Jobs asks author: "Are you a nut case?"

Posted:
in General Discussion edited January 2014
On Friday, Apple CEO Steve Jobs lashed out at an author who wrote an article about the untold story of Jobs' biological father, reports the New York Daily News.



Fredric Alan Maxwell last week emailed Jobs a 4,000-word article he wrote for Fast Company magazine about Jobs' biological father, reportedly a Syrian immigrant and political science professor named Abdulfattah Jandali.



"Are you a nut case?" Jobs replied, signing the oneliner "Steve."



Maxwell reportedly fired back: "Are you?"



According to the Daily News, the Montana-based author has been pushing Jobs' buttons for a while, even conducting 18 months of research for the unauthorized biography. He finally sent Jobs the piece after Fast Company decided not to run with it.



In January, Maxwell was reportedly stripped of his press credentials when he tried to enter Jobs' keynote speech at the MacWorld event in San Francisco.

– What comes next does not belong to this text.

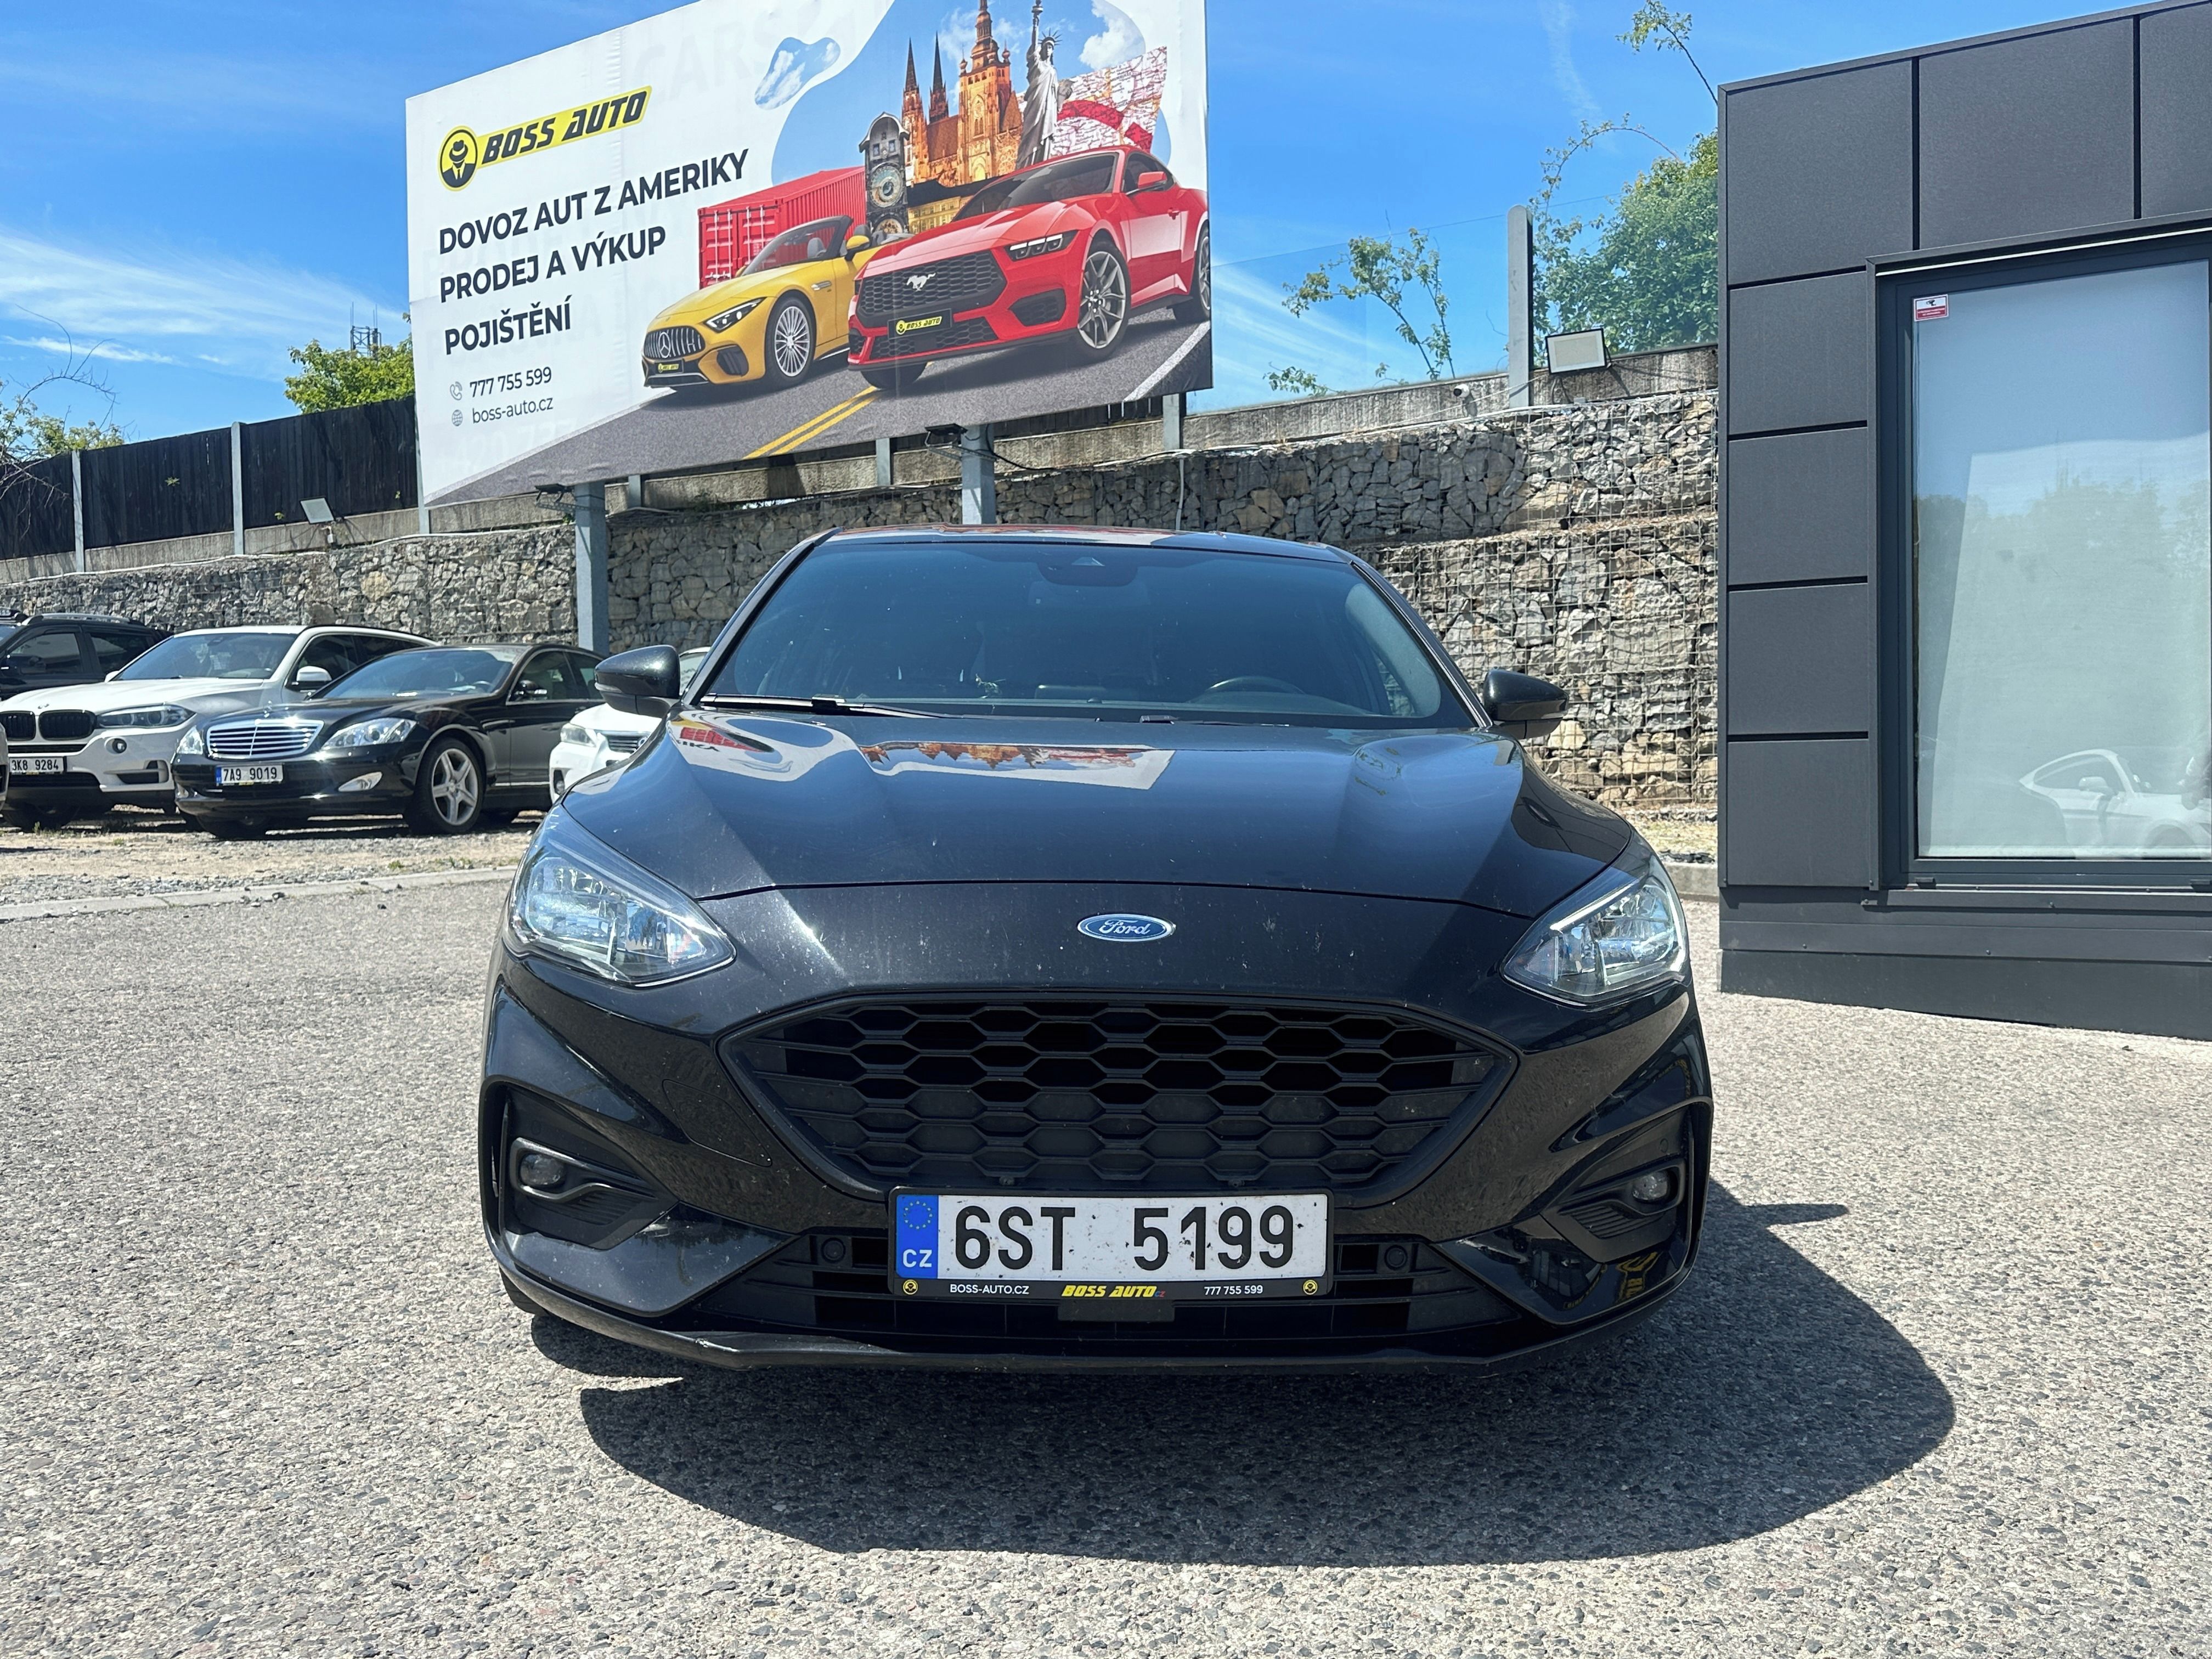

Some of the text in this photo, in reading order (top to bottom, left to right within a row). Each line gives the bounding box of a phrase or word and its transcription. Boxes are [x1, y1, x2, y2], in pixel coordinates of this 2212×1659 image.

This isn't the first time that an unauthorized biography has drawn the ire of Jobs.



In April, Jobs had Apple pull all books published by John Wiley & Sons from its retail stores in protest of an unauthorized biography titled "iCon Steve Jobs : The Greatest Second Act in the History of Business" which the publisher had agreed to release.



But Jobs' reaction to the biography did nothing but bolster sales and interest in the book, causing Wiley & Sons to double the book's initial press run of nearly 50,000 and to race it to stores a few weeks ahead of its original publication date.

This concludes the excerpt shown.